Apart from the images, repeat the data below exactly as written.

- - -

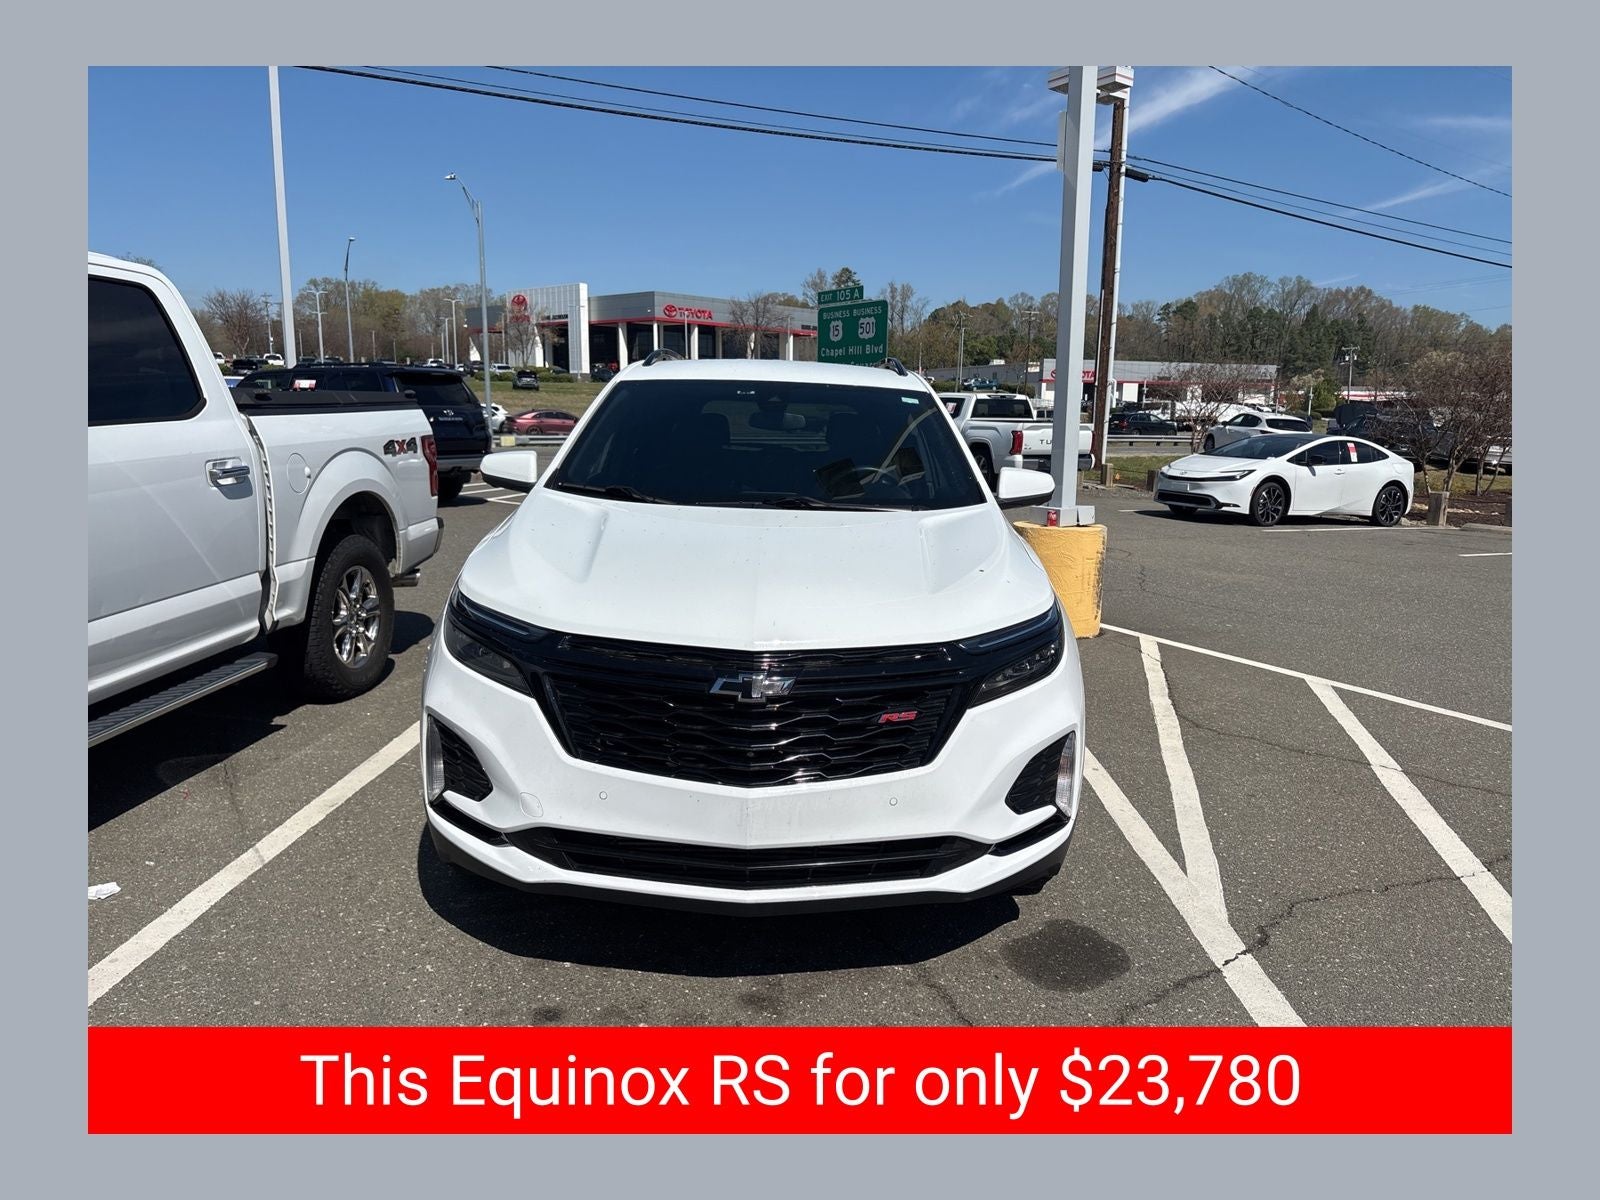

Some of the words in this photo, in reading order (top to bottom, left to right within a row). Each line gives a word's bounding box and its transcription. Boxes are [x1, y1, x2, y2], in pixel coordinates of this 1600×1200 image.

[820, 293, 833, 302] EXIT
[836, 289, 851, 301] 105
[853, 289, 860, 299] A
[677, 306, 713, 321] TOYOTA
[823, 310, 850, 320] BUSINESS
[852, 306, 882, 317] BUSINESS
[832, 324, 840, 338] 15
[859, 321, 875, 335] 501
[820, 347, 846, 358] Chapel
[848, 345, 862, 356] Hill
[865, 343, 883, 354] Blvd
[878, 710, 918, 724] RS

- - -

**Solution for this exercise**:
Some of the words in this photo, in reading order (top to bottom, left to right within a row). Each line gives a word's bounding box and its transcription. Boxes are [x1, y1, x2, y2], in pixel coordinates of this 1600×1200 image.

[820, 293, 833, 302] EXIT
[836, 289, 851, 301] 105
[853, 289, 860, 299] A
[677, 306, 713, 321] TOYOTA
[823, 310, 850, 320] BUSINESS
[852, 306, 882, 317] BUSINESS
[832, 324, 840, 338] 15
[859, 321, 875, 335] 501
[820, 347, 846, 358] Chapel
[848, 345, 862, 356] Hill
[865, 343, 883, 354] Blvd
[878, 710, 918, 724] RS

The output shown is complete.